> _Supplied data_
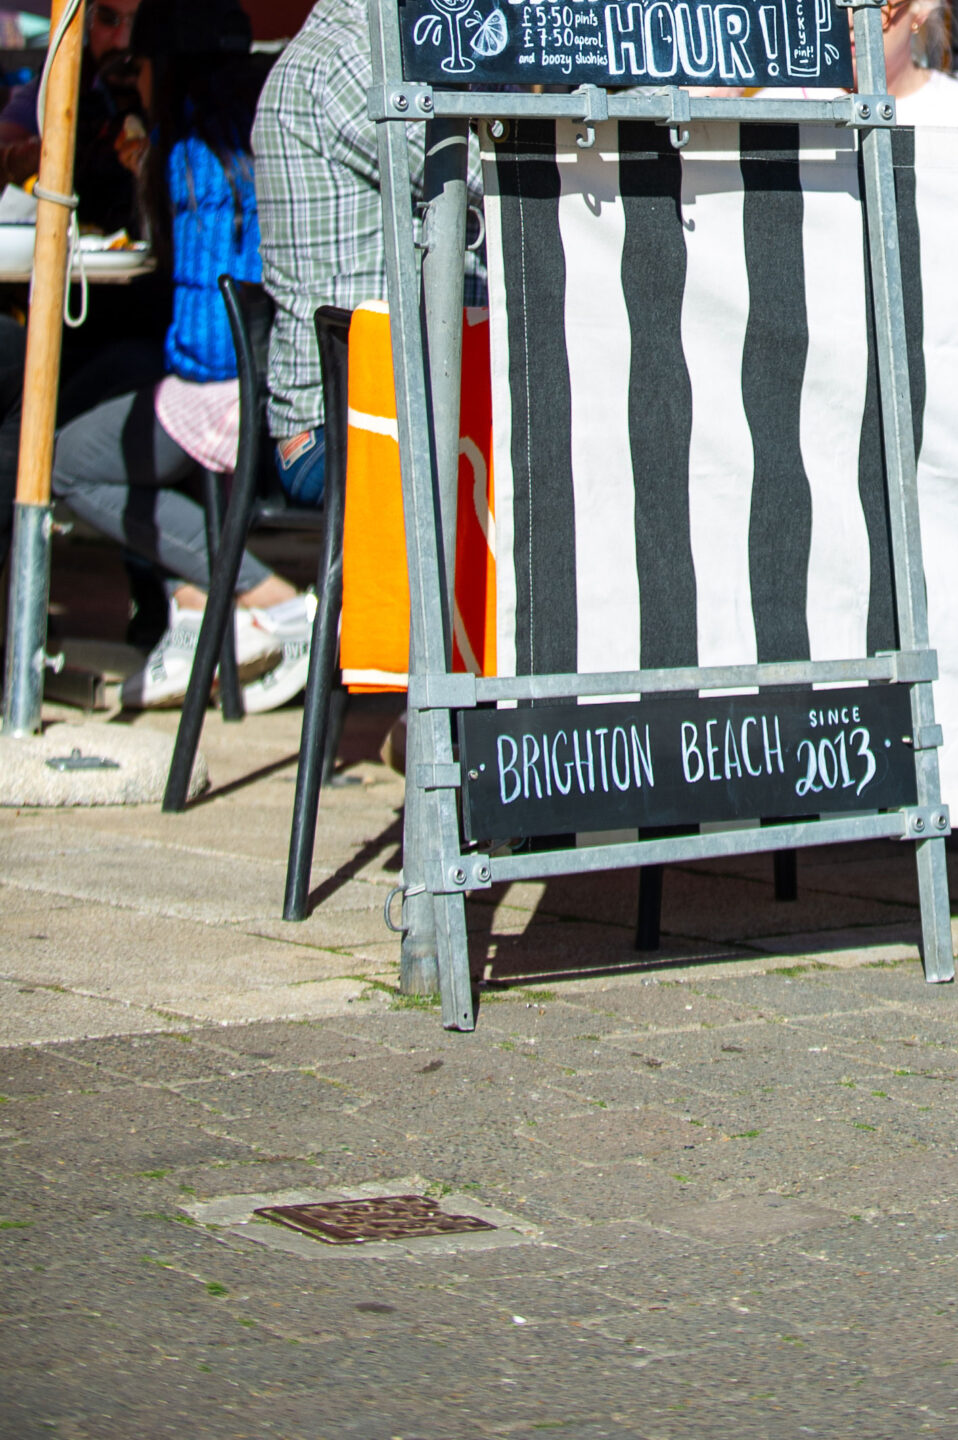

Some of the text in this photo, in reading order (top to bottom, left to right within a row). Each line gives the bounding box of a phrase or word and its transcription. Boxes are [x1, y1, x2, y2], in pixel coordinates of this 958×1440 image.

[574, 9, 599, 28] pints
[574, 31, 603, 50] aperol
[518, 51, 536, 65] and
[541, 49, 572, 74] boozy
[809, 706, 861, 728] SINCE
[496, 715, 785, 804] BRIGHTON BEACH
[795, 727, 876, 797] 2013
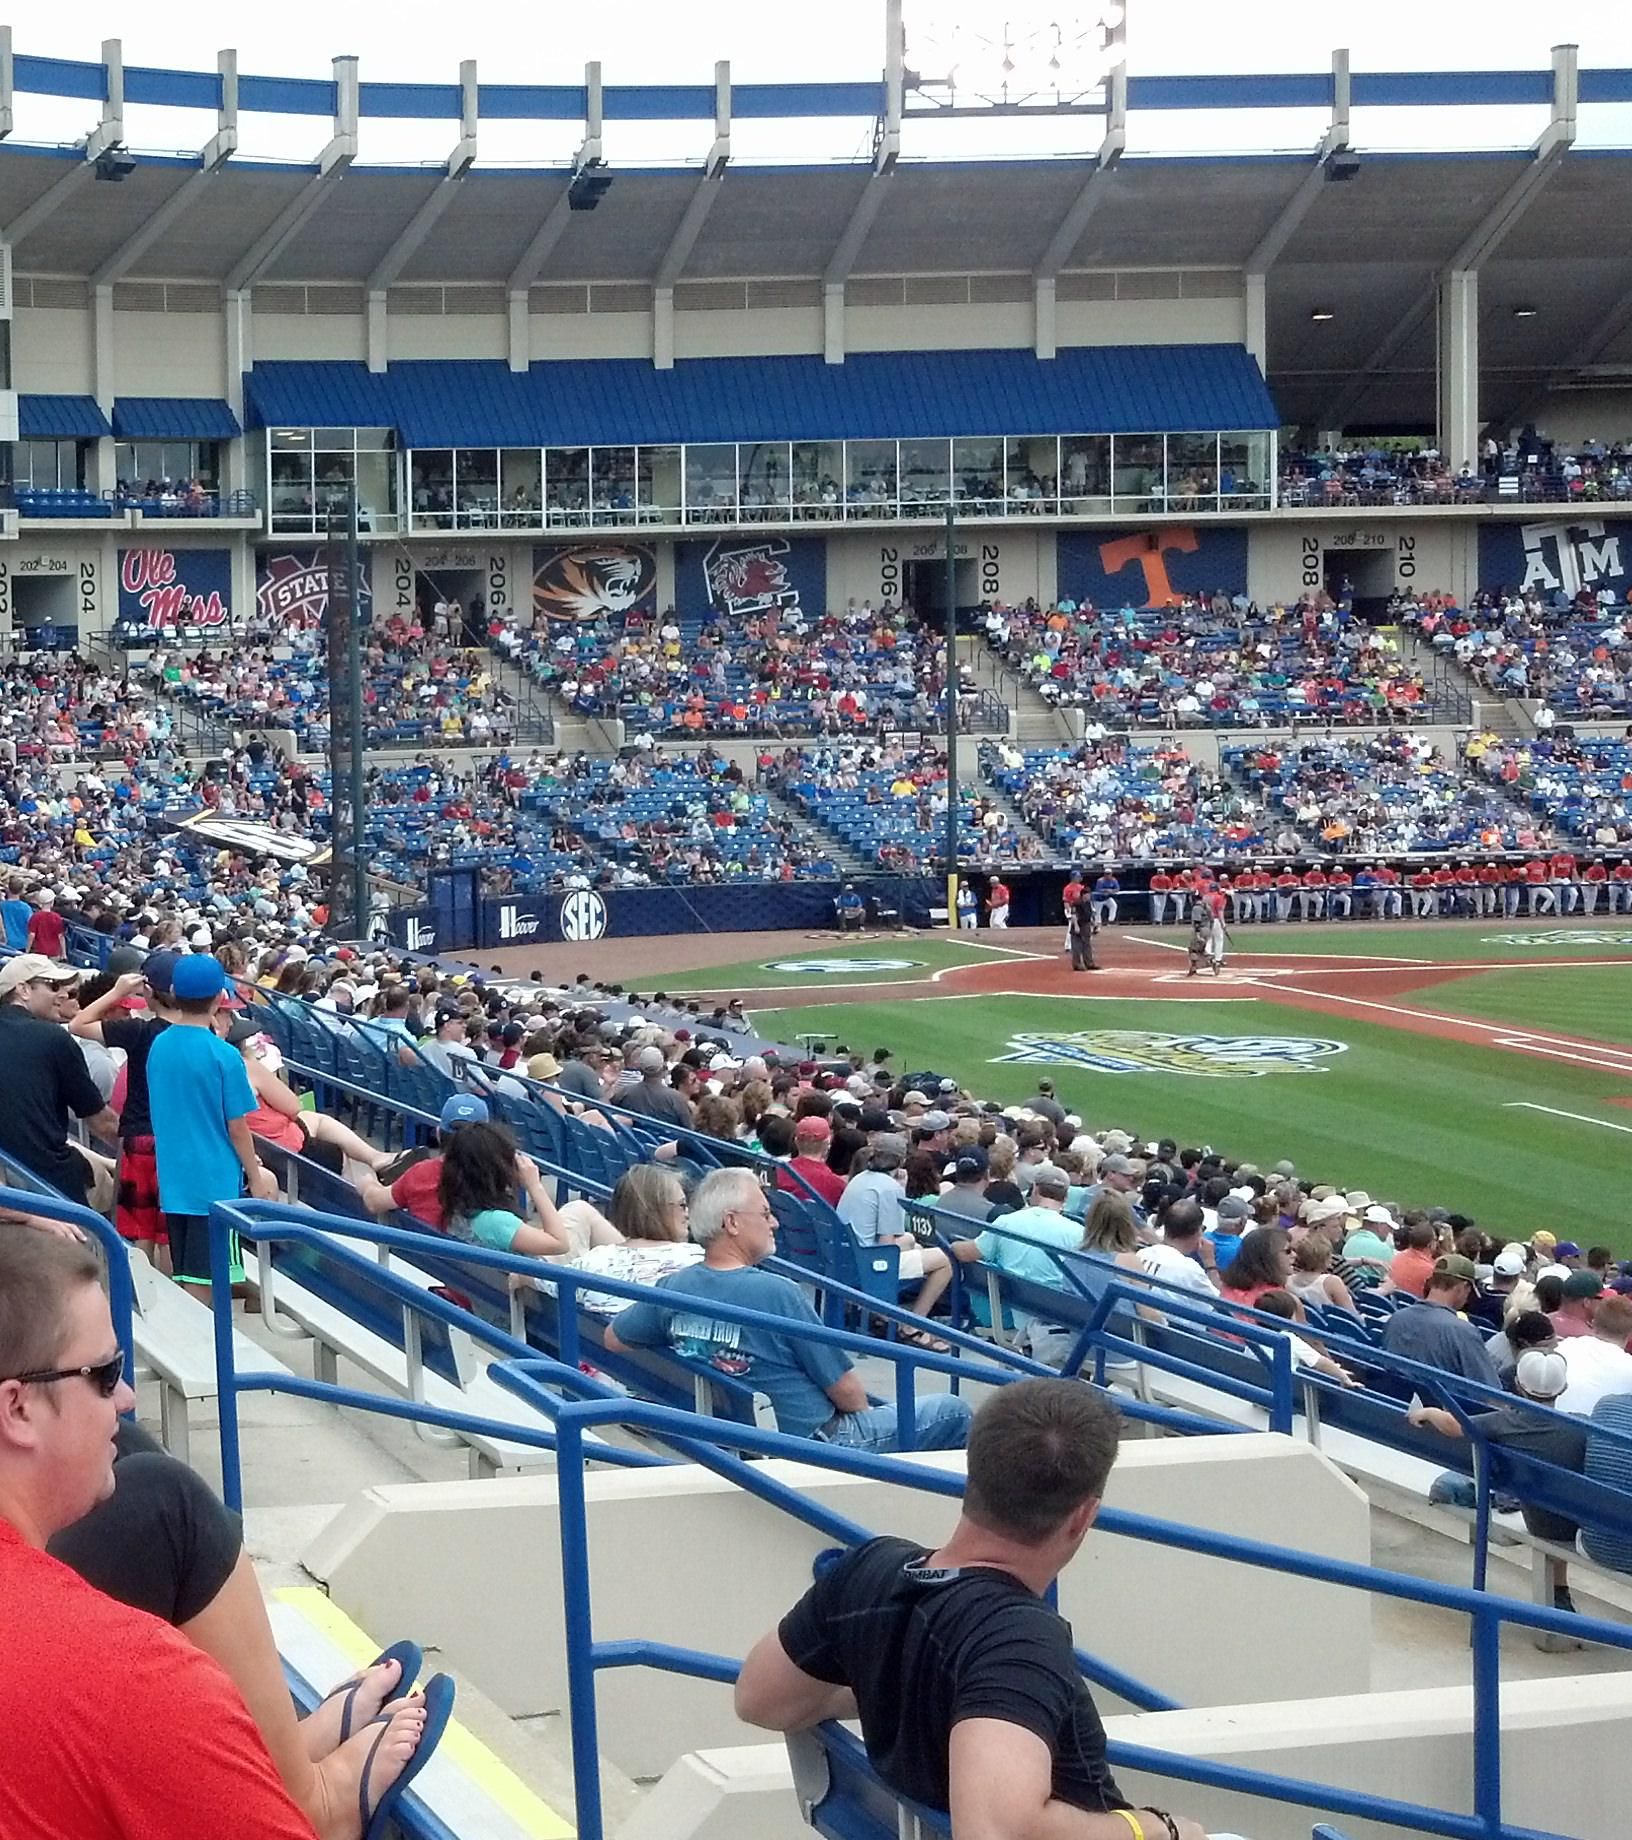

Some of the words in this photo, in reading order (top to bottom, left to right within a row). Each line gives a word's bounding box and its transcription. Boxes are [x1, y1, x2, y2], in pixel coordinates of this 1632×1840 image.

[952, 544, 968, 555] 08
[1302, 537, 1319, 586] 208
[1362, 534, 1385, 546] 210
[1399, 536, 1416, 578] 210
[20, 561, 39, 572] 202
[48, 560, 67, 572] 204
[80, 562, 96, 614] 204
[122, 549, 176, 594] Ole
[395, 558, 411, 609] 204
[490, 556, 506, 606] 206
[881, 547, 898, 596] 206
[982, 545, 999, 594] 208
[1099, 527, 1199, 609] T
[499, 905, 540, 939] Hoover
[565, 891, 603, 941] SEC

> _Exercise brief_
Give back all of the data exactly, but not the pictures.

> _Solution for this task_
Some of the text in this photo, in reading order (top to bottom, left to right within a row). Each line gives the bounding box of a phrase or word and its transcription. Boxes are [x1, y1, x2, y2], in pixel coordinates of this 958×1440 image.

[574, 9, 599, 28] pints
[574, 31, 603, 50] aperol
[518, 51, 536, 65] and
[541, 49, 572, 74] boozy
[809, 706, 861, 728] SINCE
[496, 715, 785, 804] BRIGHTON BEACH
[795, 727, 876, 797] 2013

Some of the words in this photo, in reading order (top to bottom, left to right within a row). Each line gives a word's bounding box and its transcription. Boxes are [x1, y1, x2, y2], in pixel coordinates of this 1632×1840 image.

[952, 544, 968, 555] 08
[1302, 537, 1319, 586] 208
[1362, 534, 1385, 546] 210
[1399, 536, 1416, 578] 210
[20, 561, 39, 572] 202
[48, 560, 67, 572] 204
[80, 562, 96, 614] 204
[122, 549, 176, 594] Ole
[395, 558, 411, 609] 204
[490, 556, 506, 606] 206
[881, 547, 898, 596] 206
[982, 545, 999, 594] 208
[1099, 527, 1199, 609] T
[499, 905, 540, 939] Hoover
[565, 891, 603, 941] SEC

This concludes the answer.